Les dialogues du film sont à ce titre particulièrement bien pensés, fonctionnant selon la même logique, à deux niveaux (« je veux rester agressive » dit la mère en parlant du traitement qu’elle a choisi pour son fils, mais on a compris le véritable sens de la phrase…), ou choisissant une épure bienvenue dans le portrait qui est fait des relations entre les personnages (une blague du père sur les médecins en tout début résume les rapports de force au sein du couple).

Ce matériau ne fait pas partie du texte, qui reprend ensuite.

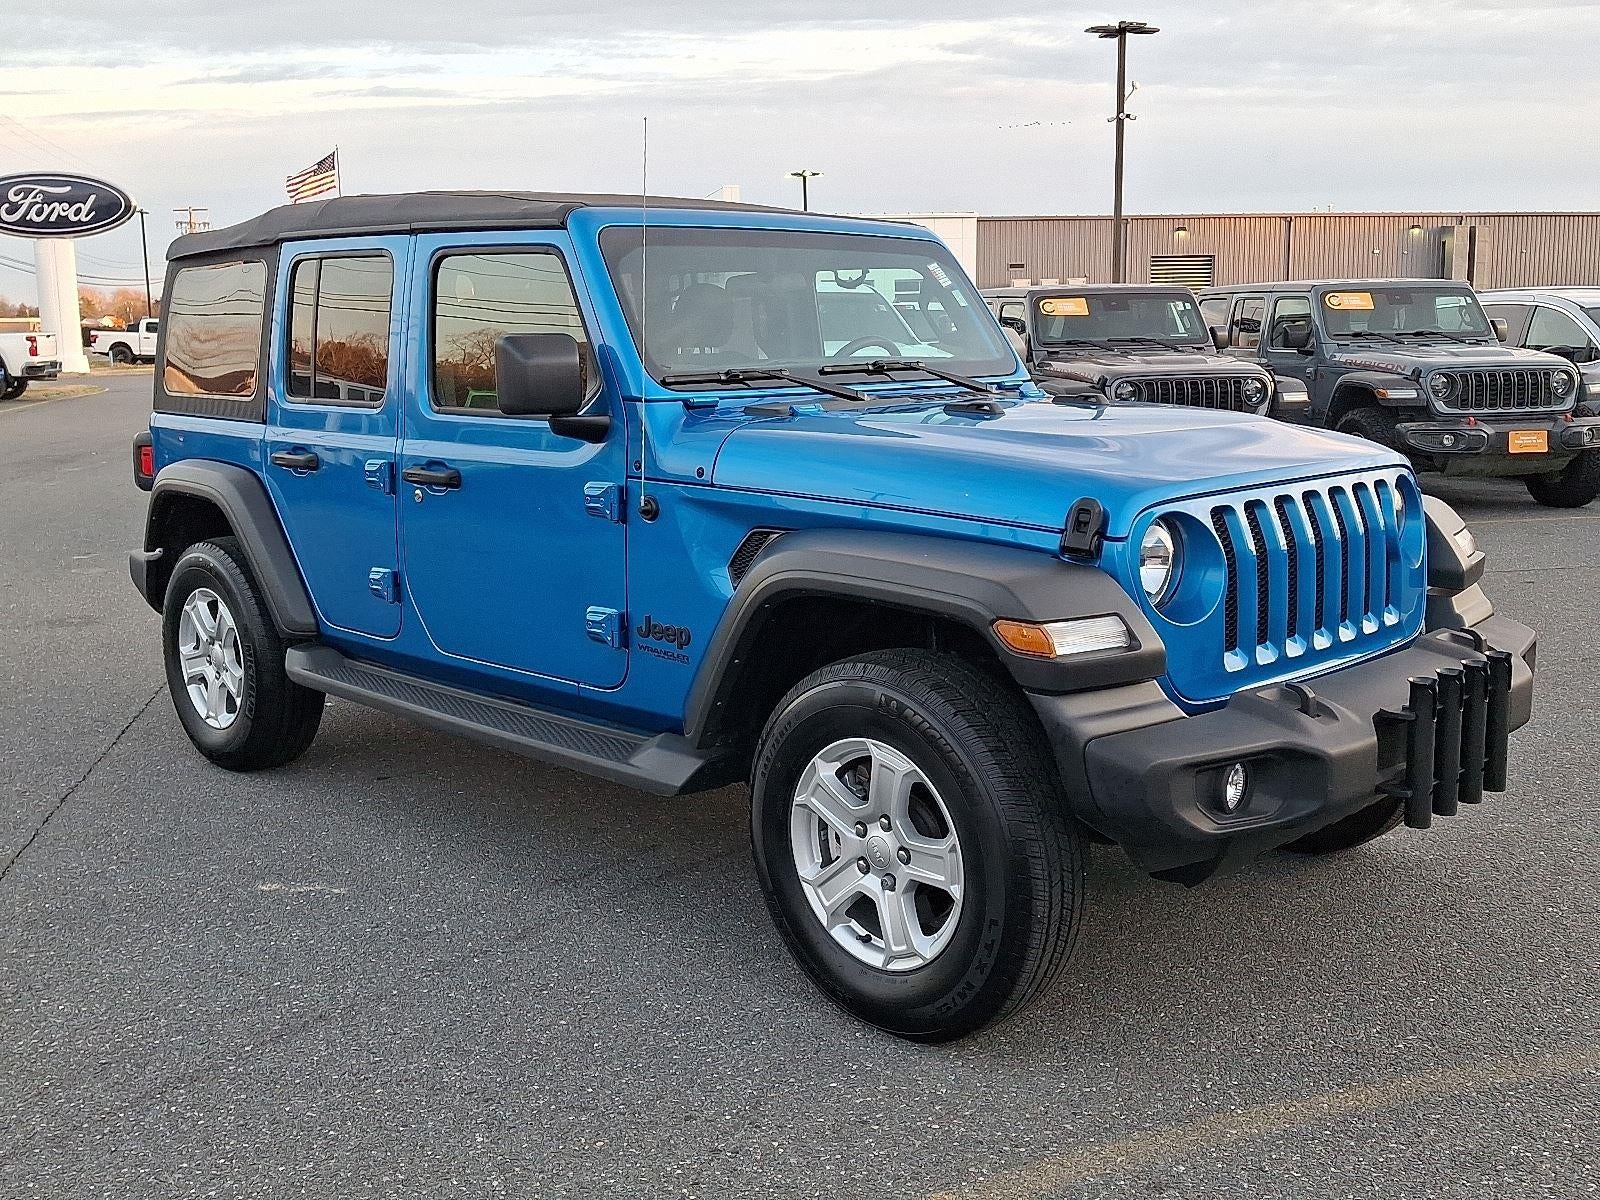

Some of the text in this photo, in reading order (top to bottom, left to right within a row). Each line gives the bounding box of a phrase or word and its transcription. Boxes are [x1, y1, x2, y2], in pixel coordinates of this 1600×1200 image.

[0, 184, 97, 223] Ford
[637, 614, 692, 650] Jeep
[637, 643, 690, 662] WRANGLER
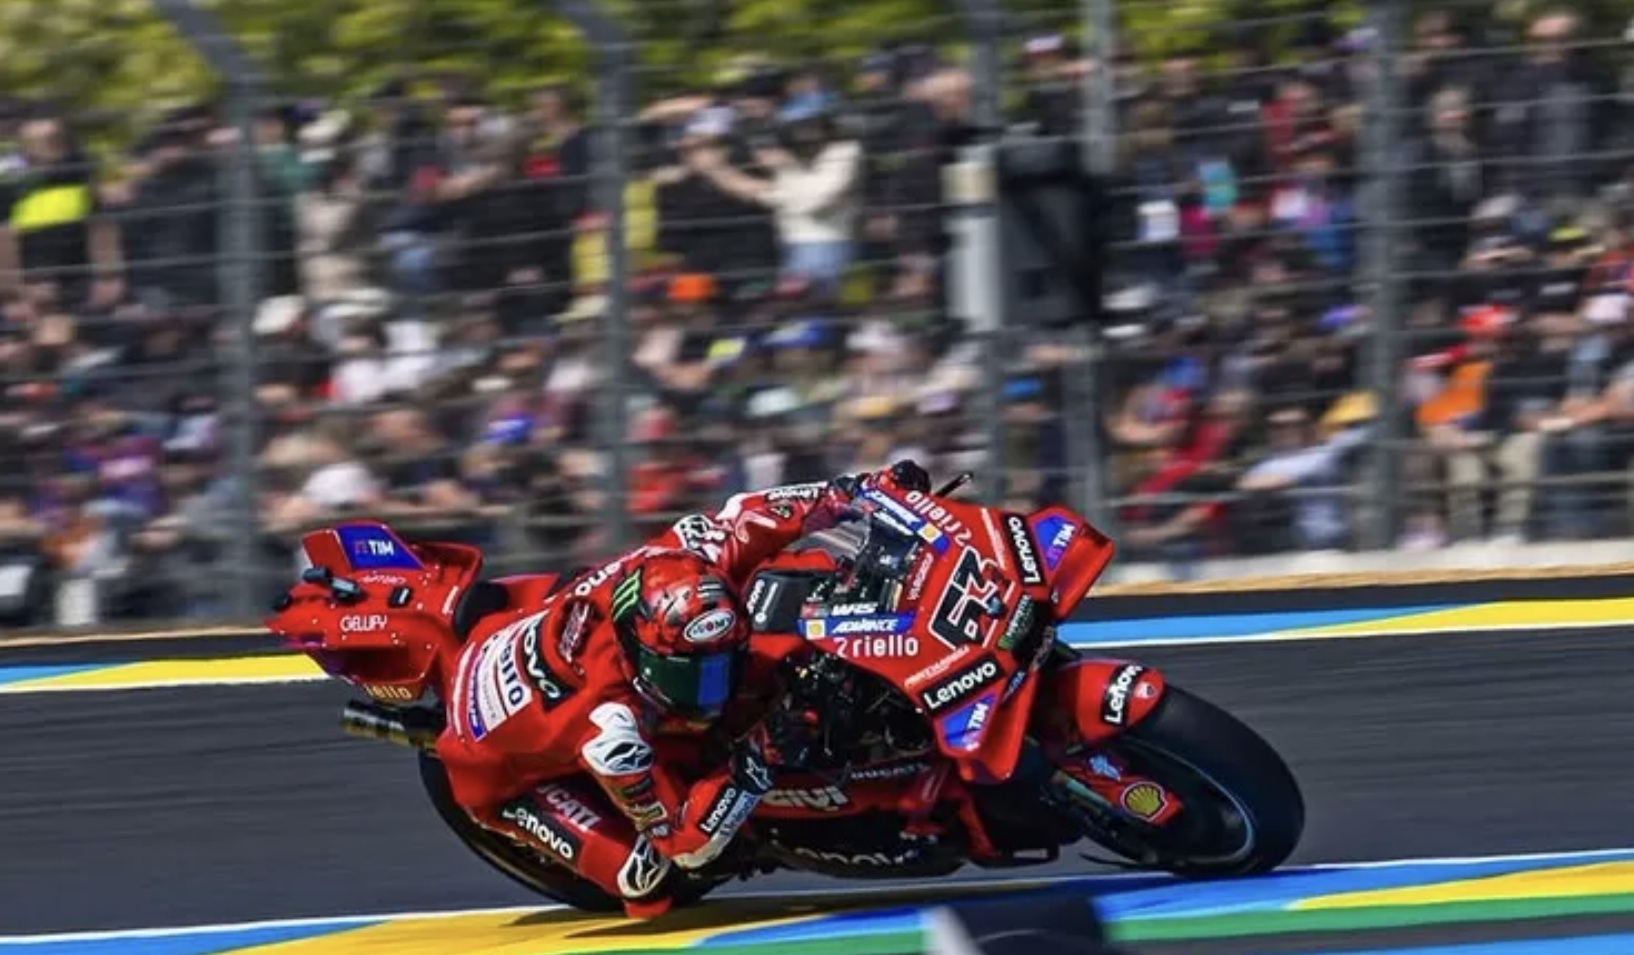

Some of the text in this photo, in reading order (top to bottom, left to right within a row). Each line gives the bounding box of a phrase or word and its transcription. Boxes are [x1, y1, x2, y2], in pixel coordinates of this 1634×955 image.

Le film bénéficie également de son formidable casting, avec deux ados très convaincants (le garçon jouera plus tard dans « Wayward Pines »), et quelques atouts de poids comme Peter Fonda en grand-père aimant et compréhensif et surtout Michael Shannon et sa gueule incroyable à la Boris Karloff (le bougre commence d’ailleurs à aligner une sacré filmographie, au fil des ans…). Il est utilisé dans une sorte d’entre-deux, en quasi contre-emploi même si sa gueule inquiétante joue un rôle dans l’intrigue. Il est au centre d’une scène bouleversante à la toute fin du film, une séquence qui révèle dans toute sa portée complexe et douloureuse l’un des sujets centraux du film : l’acharnement thérapeutique.
Malgré son climat de quasi film d’horreur (même s’il serait anti-démonstratif au possible), le film est malgré tout très lumineux, quoique grave, avec ce plan final (en miroir du prologue, de façon très élégante) aussi simple qu’émouvant, plein d’allant et d’espoir et ce perso de jeune fille intrépide même si elle a été accablée par le destin.
Une franche réussite, aussi attachante qu’aboutie, à la mesure de sa modeste ambition.